## Bayesian Applications of Belief Networks and Multilayer Perceptrons for Ovarian Tumor Classification with Rejection (2003)

Citations: | 4 - 1 self |

### BibTeX

@MISC{Antal03bayesianapplications,

author = {Peter Antal and Geert Fannes and Dirk Timmerman and Yves Moreau and Bart De Moor},

title = {Bayesian Applications of Belief Networks and Multilayer Perceptrons for Ovarian Tumor Classification with Rejection},

year = {2003}

}

### OpenURL

### Abstract

Incorporating prior knowledge into black-box classifiers is still much of an open problem. We propose a hybrid Bayesian methodology that consists in encoding prior knowledge in the form of a (Bayesian) belief network and then using this knowledge to estimate an informative prior for a blackbox model (e.g. a multilayer perceptron). Two technical approaches are proposed for the transformation of the belief network into an informative prior. The first one consists in generating samples according to the most probable parameterization of the Bayesian belief network and using them as virtual data together with the real data in the Bayesian learning of a multilayer perceptron. The second approach consists in transforming probability distributions over belief network parameters into distributions over multilayer perceptron parameters. The essential attribute of the hybrid methodology is that it combines prior knowledge and statistical data efficiently when prior knowledge is available and the sample is of small or medium size.

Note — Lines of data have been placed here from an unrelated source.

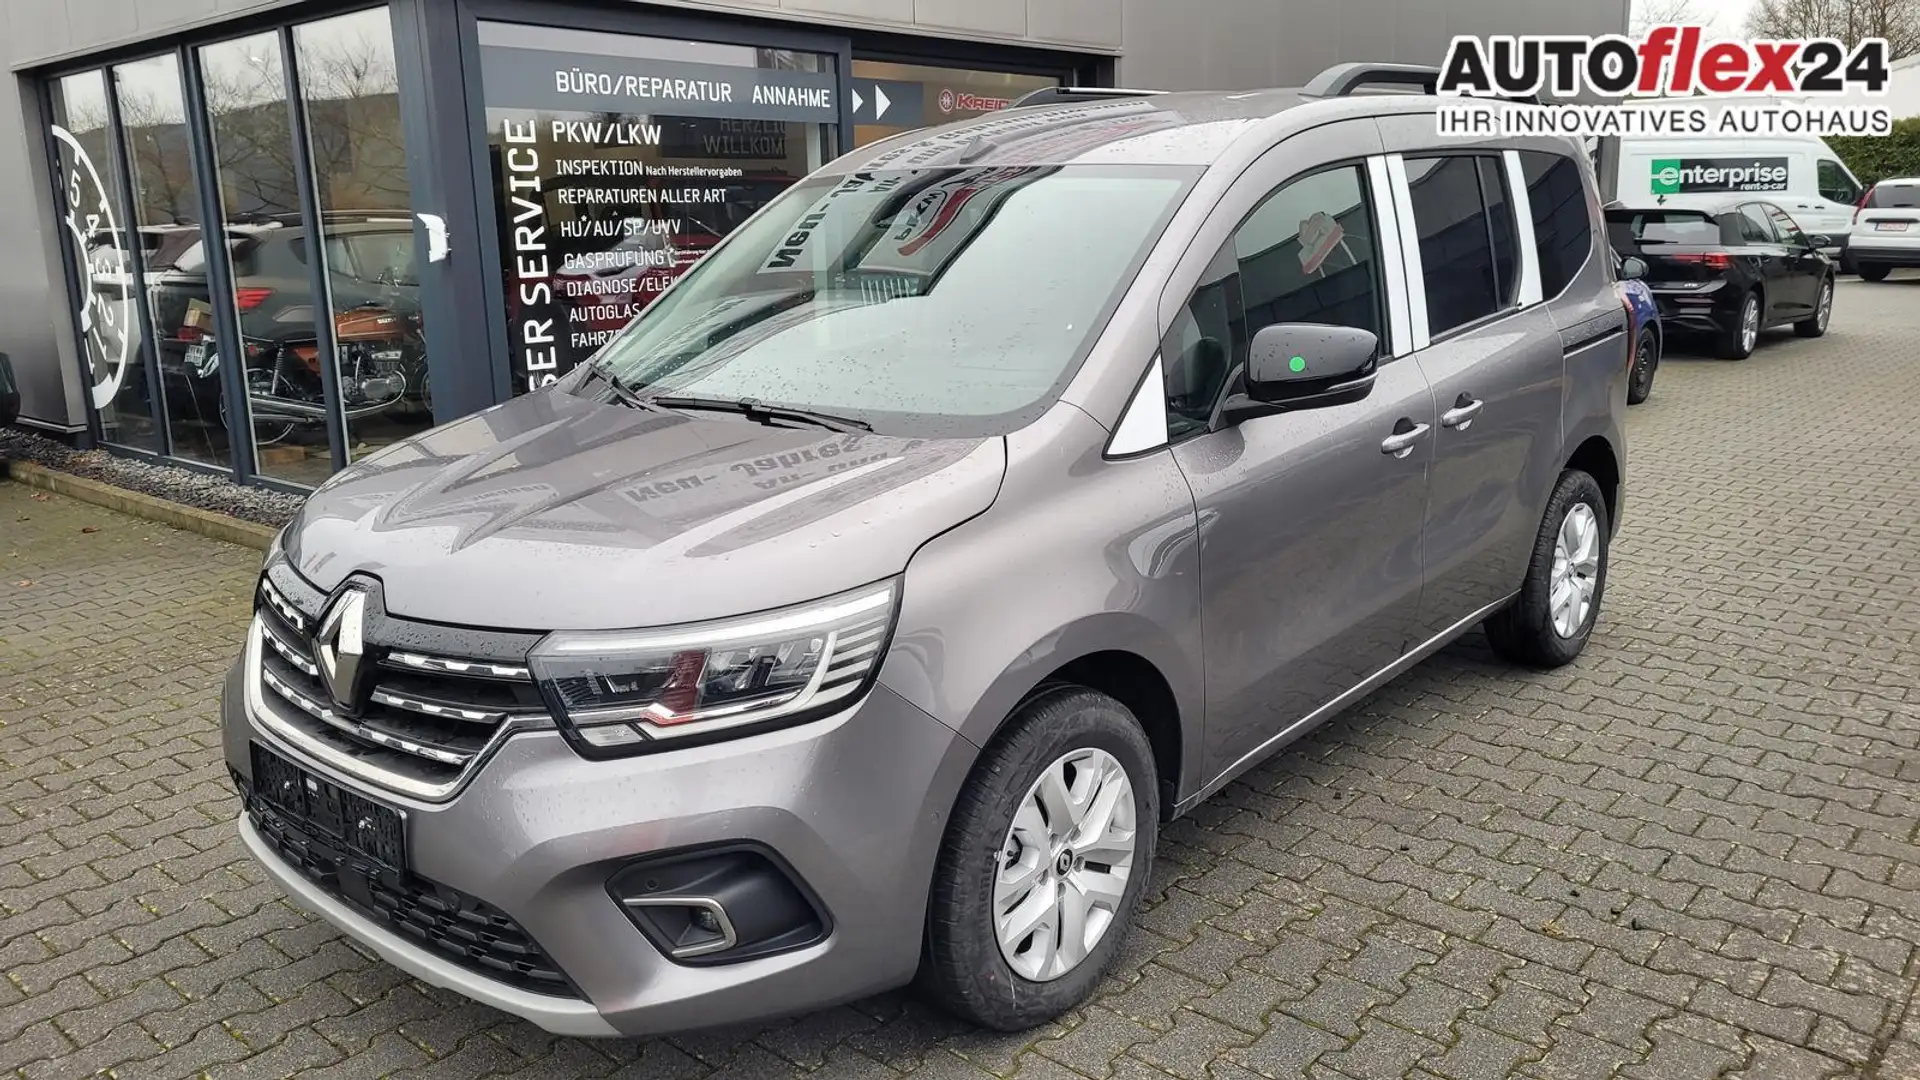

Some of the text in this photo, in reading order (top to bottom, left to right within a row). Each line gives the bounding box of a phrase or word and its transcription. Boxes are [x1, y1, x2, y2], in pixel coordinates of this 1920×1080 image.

[555, 67, 831, 108] BÜRO/REPARATUR ANNAHME
[551, 120, 661, 146] PKW/LKW
[556, 159, 743, 179] INSPEKTION Nach Herstellervorgaben
[1655, 161, 1787, 188] enterprise
[557, 188, 727, 204] REPARATUREN ALLER ART
[1740, 182, 1787, 191] rent-a-car
[504, 119, 551, 304] SERVICE
[564, 248, 664, 269] GASPRÜFUNG
[569, 303, 640, 322] AUTOGLAS
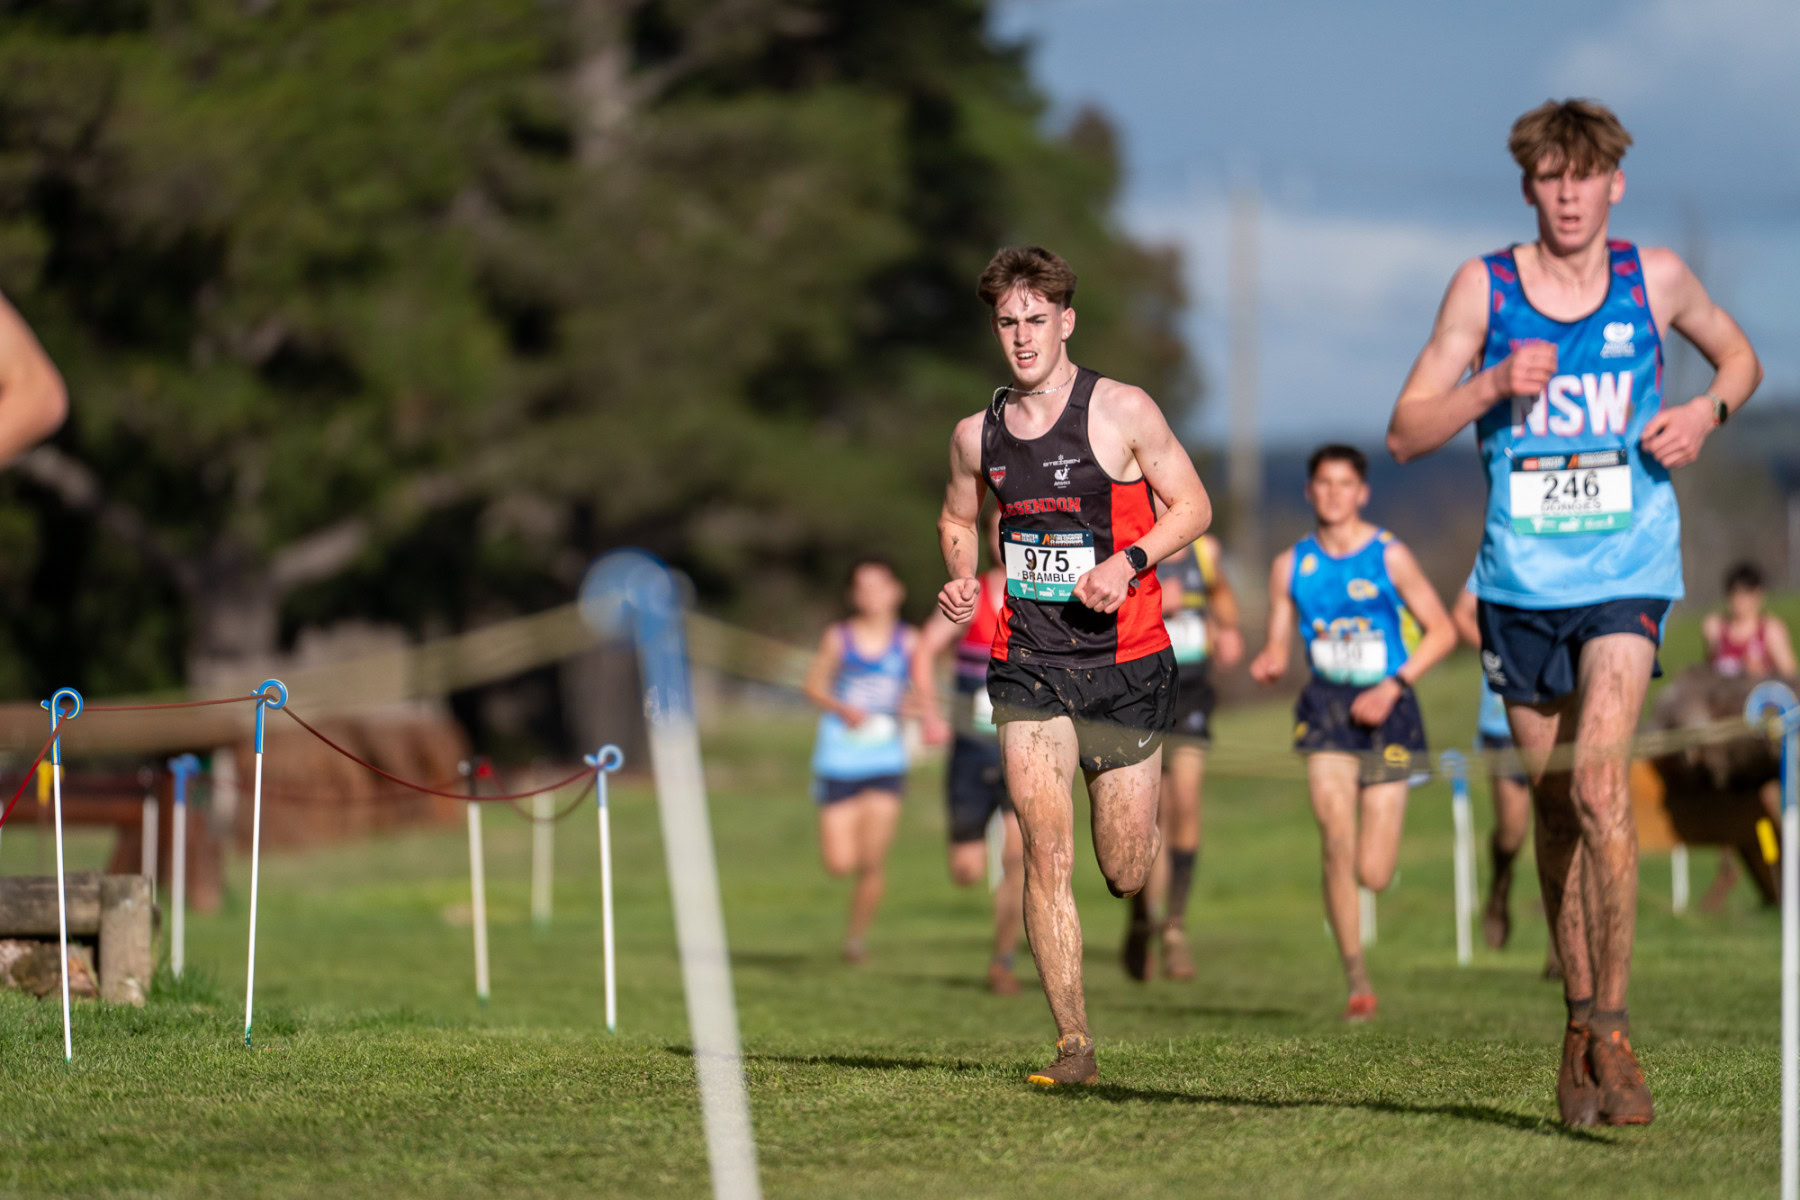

Additionally, we describe how the Bayesian approach can provide uncertainty information about the predictions (e.g. for classification with rejection). We demonstrate these techniques on the medical task of predicting the malignancy of ovarian masses and summarize the practical advantages of the Bayesian approach. We compare the learning curves for the hybrid methodology with those of several belief networks and multilayer perceptrons. Furthermore, we report the performance of Bayesian belief networks when they are allowed to exclude hard cases based on various measures of prediction uncertainty.